These CMS employees make sure their schools are ready when students arrive; encourage and admonish them as needed; are on the scene during emergencies and help coordinate after-school events. And no, they’re not teachers but the schools’ janitors who are in the running for a national award.

Credit Gwendolyn Glenn/WFAE
Sharon Elementary School custodian Bobby Miller cleans hallways with mobile scrubber. He is a finalist for Cintas Corporations's janitor of the year award.

Pinewood Elementary School janitor Barbara Watson and Sharon Elementary School custodian, as he likes to be called, Bobby Miller are among the 10 finalists for Cintas Corporation’s national Janitor of the Year Award. About 350 school custodians around the country were nominated for the award.

Watson has worked at Pinewood for six years. She gets to work between 4 a.m. and 4:30 a.m.

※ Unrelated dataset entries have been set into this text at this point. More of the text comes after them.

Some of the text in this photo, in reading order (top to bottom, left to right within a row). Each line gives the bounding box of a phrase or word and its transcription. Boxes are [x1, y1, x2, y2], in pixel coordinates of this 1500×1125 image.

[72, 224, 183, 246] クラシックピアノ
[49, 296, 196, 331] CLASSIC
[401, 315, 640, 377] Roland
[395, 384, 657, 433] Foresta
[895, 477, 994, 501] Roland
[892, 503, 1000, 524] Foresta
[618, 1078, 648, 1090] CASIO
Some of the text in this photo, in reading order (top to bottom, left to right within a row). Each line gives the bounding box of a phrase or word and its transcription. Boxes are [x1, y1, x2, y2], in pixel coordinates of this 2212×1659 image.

“The first thing I do is turn off the alarm and turn on the lights, get my equipment from the closet and I start with the office, media room and then I hit the halls and bathrooms,” Watson said. “I have to get to the floors by at least 5:30 so they are dry by the time the staff gets in.”

Watson became the school’s janitor after her job of 27 years with the Lance snack food company was phased out. It’s hard keeping up with Watson as she energetically zips from washing windows and mirrors in bathrooms to swiftly sweeping the cafeteria floor between each lunch period.

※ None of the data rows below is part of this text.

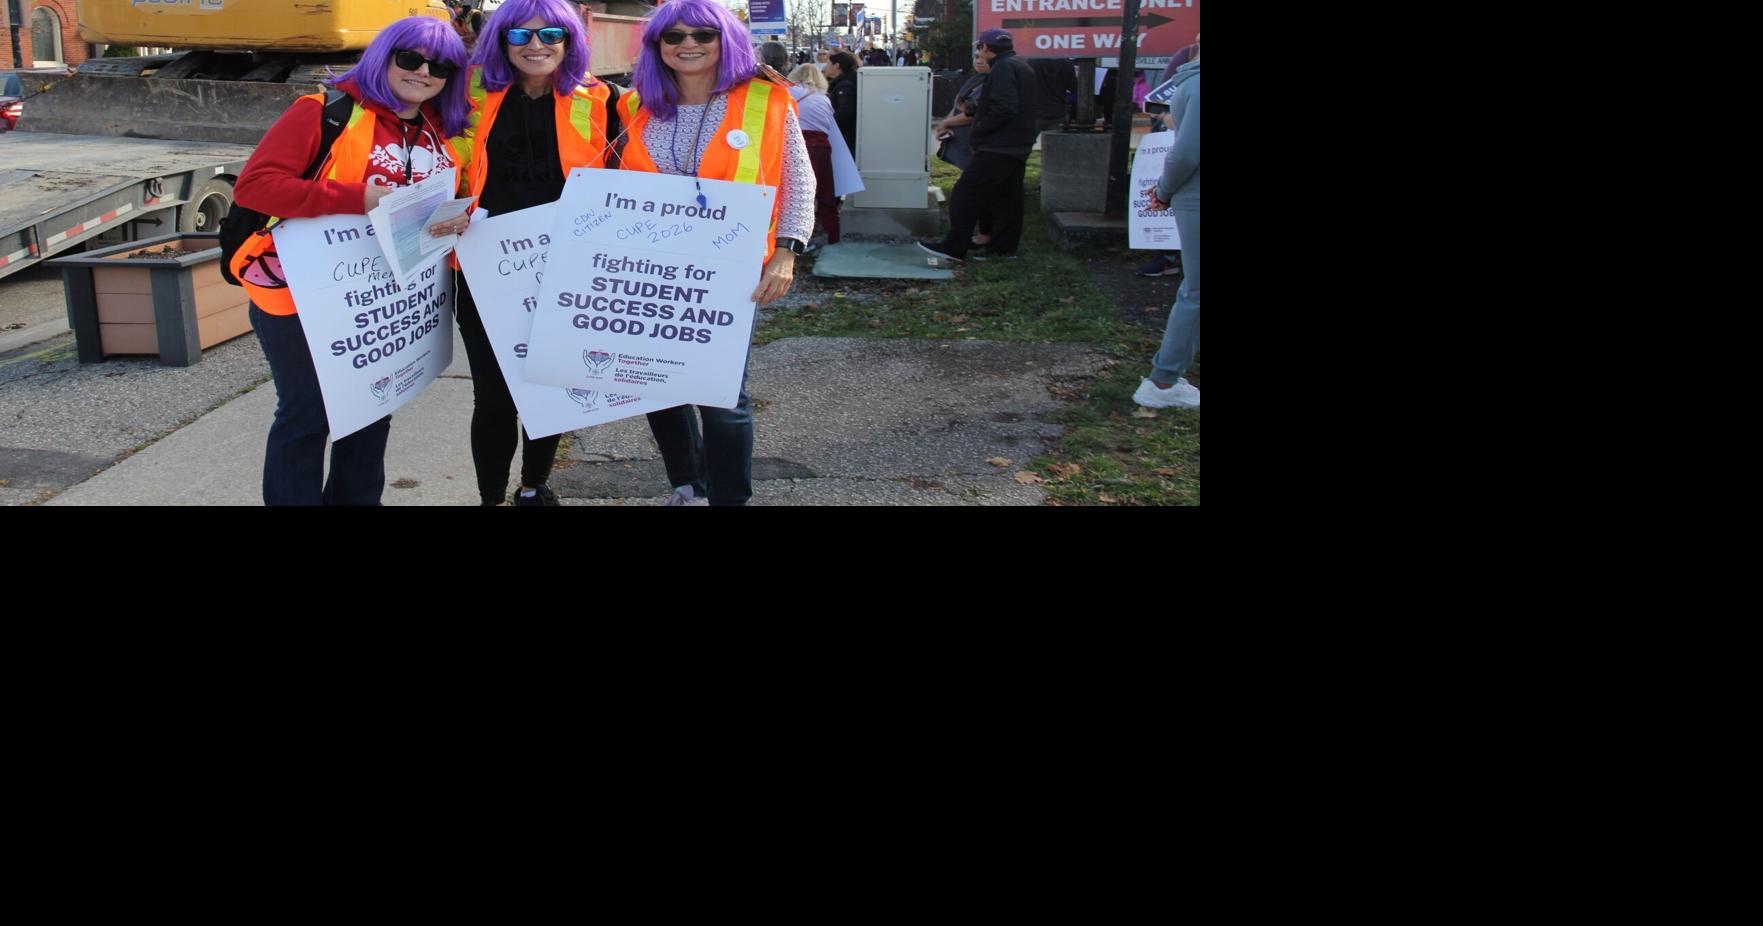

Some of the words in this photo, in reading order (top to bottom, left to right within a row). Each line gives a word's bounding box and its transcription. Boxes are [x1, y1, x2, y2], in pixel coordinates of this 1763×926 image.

[991, 0, 1121, 12] ENTRANCE
[1035, 34, 1085, 49] ONE
[605, 192, 637, 211] I'm
[642, 201, 655, 213] a
[660, 205, 727, 221] proud
[1159, 208, 1176, 217] JOB
[324, 225, 360, 245] I'm
[366, 224, 376, 236] a
[573, 211, 613, 238] CITIZEN
[616, 219, 658, 241] CUPE
[647, 221, 694, 244] 2026
[711, 221, 751, 250] MOM
[500, 238, 534, 255] I'm
[538, 233, 551, 246] a
[333, 255, 382, 282] CUPE
[498, 251, 549, 276] CUPE
[592, 252, 679, 281] fighting
[684, 264, 716, 282] for
[591, 276, 709, 304] STUDENT
[354, 283, 435, 329] STUDENT
[557, 292, 675, 320] SUCCESS
[679, 307, 734, 327] AND
[330, 310, 421, 357] SUCCESS
[423, 291, 447, 319] AND
[572, 313, 645, 336] GOOD
[649, 323, 712, 344] JOBS
[352, 336, 406, 369] GOOD
[409, 314, 440, 345] JOBS
[618, 353, 654, 362] Education
[656, 358, 685, 366] Workers
[618, 359, 649, 367] Together
[613, 378, 648, 386] solidaires
[629, 369, 669, 379] travailleurs

“I want to be proud of my school, I really do and I try to keep things as if I was at home,” she said.

But her real joy comes from the students, who gather around her for their daily hugs. She stops to laugh and talk with a group of special needs children and knows them all by name.

“Baby Jean, that’s my baby there,” she said while hugging the small girl.

Third-grader Olivia Robinson forgets about her lunch and follows Watson around like her shadow, frequently giving her tight hugs.

“She cares about me and helps me when I’m sad,” Robinson said. “When I was scared to pull my teeth out, she helped me.”

Credit Gwendolyn Glenn/WFAE
Students at Pinewood Elementary often stop to chat with janitor Barbara Watson. She's a finalist for Cintas Corporation's janitor of the year award.

Watson frequently comforts and corrects students on their behavior, sometimes with a tap on the shoulder, sometimes with just a look. Today, it’s a little of both with a little guy, sitting by himself and crying profusely because he didn’t do his class work. Watson quickly gets a napkin to wipe his eyes and asked, “You got to do your work at lunch time? Come on, clear your eyes, it’s gonna be OK. It’s not the end of the world, OK, now eat your lunch."

“She pours love into whatever she does,” said Pinewood Principal Natashia Pegram. “She’s a hard worker, always goes above what we need and she knows the staff and students so well that she’ll do what we need before we ask. She’s irreplaceable.”

Watson credits her grandmother for her strong work ethic.

She says if you can’t do a job good, don’t do it at all because you gonna muck it up. If I ever do a job, I give it everything I got, 110 percent,” Watson said.

At nearby Sharon Elementary School, Bobby Miller sings Motown tunes while working. Miller has been at Sharon Elementary for 14 years. Before that he was a cook and manager at a local restaurant. His days start at 6 a.m., usually behind the wheel of a large, zamboni-looking floor scrubber.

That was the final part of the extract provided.